Hile Ve Hurda

26 2 47
                                    

Yazıp yazıp sildiğim birkaç hikayemi birleştirip tamamen farklı bir kurgu buldum yine, bazı karakterlerime eski kurgularımda ki karakterlerin isimlerini verdim hatta onlara olan özlemimden sşlöwlşdölşsö

Benim bu kararsızlıklarım ne olacak bilmiyorum inanın... Neyse işin sonunda yine buradayız. Biraz klişe kitap özlemi çektim ve neden ben yapmıyorum diye düşünüp enemies to lovers tadında bir hikayeyle geldim missss

Fazla tutmak istemiyorum sizi, bu yüzden çok çok uzun zaman sonra tekrardan iyi okumalar...

Ed Sheeran- Give Me Love

21 Aralık 2024

"iyi şanslar!" bağırışımla etraftaki birkaç bakış üstümüze düştüğünde o da arkasını dönüp benim olduğum tarafa çevirdi gözlerini.

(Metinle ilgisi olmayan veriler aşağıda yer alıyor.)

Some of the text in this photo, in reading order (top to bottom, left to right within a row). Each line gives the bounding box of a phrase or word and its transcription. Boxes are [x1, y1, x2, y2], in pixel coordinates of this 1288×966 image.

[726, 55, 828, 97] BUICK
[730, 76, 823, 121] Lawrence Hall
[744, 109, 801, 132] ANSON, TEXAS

Yüzünü saran gülümsemeyle beraber kısılan gözleri aceleci bi tavırla üzerimde gezindi. Büyük adımlarla yanıma ulaşıp ellerini yüzüme sardı ve yanağıma derin bir öpücük bıraktı. Geri çekilip yüzümün her karışında gezdirdi bakışlarını. "Şansa ihtiyacım olacak."

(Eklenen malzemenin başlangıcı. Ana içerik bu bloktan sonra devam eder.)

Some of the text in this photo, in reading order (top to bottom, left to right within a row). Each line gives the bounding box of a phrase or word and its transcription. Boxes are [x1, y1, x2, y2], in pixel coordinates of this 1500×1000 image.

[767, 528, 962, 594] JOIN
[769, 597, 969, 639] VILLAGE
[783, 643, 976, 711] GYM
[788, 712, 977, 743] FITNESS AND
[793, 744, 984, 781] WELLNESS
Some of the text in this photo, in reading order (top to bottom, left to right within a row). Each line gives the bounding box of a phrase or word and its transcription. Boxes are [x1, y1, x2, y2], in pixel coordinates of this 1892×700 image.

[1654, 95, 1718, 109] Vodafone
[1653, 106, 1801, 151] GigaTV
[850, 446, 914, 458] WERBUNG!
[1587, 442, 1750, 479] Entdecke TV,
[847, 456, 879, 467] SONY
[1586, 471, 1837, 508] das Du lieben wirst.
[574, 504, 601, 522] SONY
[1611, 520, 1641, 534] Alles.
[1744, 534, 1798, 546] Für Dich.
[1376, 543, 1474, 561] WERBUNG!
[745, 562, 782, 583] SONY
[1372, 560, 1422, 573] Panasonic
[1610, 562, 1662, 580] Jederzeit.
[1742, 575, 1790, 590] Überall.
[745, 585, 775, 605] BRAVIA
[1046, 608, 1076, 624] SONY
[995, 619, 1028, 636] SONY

Piste gitmeden son kez baktı yüzüme. Gözlerini uzunca kırptı. Bana söz vermişti o an.
Bugünün sonunda yanımda olacağına dair söz vermişti gözlerini kapattığı birkaç saniyede.

"Final çizgisinde seni bekliyor olacağım."

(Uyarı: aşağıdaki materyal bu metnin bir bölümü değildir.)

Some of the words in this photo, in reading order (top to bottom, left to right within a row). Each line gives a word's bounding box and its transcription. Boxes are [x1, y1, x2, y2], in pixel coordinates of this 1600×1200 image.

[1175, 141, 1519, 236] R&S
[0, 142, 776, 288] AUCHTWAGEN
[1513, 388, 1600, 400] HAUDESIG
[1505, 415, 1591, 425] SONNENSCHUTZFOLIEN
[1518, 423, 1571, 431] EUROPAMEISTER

Gülümsedi söylediğime karşılık.

"Söz veriyorum ilk ben geleceğim yanına."

*

Ocak 16 2024

"Give a little time to me, or burn this out."

Kulaklığımda sesi yükselen şarkı yüzümde kocaman bir gülümseme oluşturmuştu. Çok severdim bu şarkıyı. Sırtımı otobüs koltuğuna iyice yaslayıp kafamı cama dayadım ve şarkının sesini arttırdım.

Gözlerimi kapattıktan saniyeler sonra kulaklığımın tekinin kulağımdan çıkmasıyla tekrar açtım. Yanımda oturmuş sırıtan elemanı gördüğümde kaşlarım anında çatılmıştı. Elinde tuttuğu kulaklığımı kulağına takıp birkaç saniye bekledi. Dudakları bükülmüş, kaşları kalkmıştı. "Vay! Güzel seçim Sarışın."

Gözlerimi devirip kulaklığımı kulağından çektim. "Zevzeklik yapma Aksel. Senin ne işin var burada?" Etrafına bakınıp tekrar bana döndü. "Kızım insan içindeyiz biraz sessiz olsana. Hem devletin otobüsü değil mi bu araç Allah Allah binemez miyim?" Otobüste çok fazla insan yoktu ancak yine de ses tonuma dikkat ederek konuşmaya devam ettim. "Binme kardeşim binme. Motorun yok mu senin altında? Git ona bin. Burada, benim yanımda ne işin var?"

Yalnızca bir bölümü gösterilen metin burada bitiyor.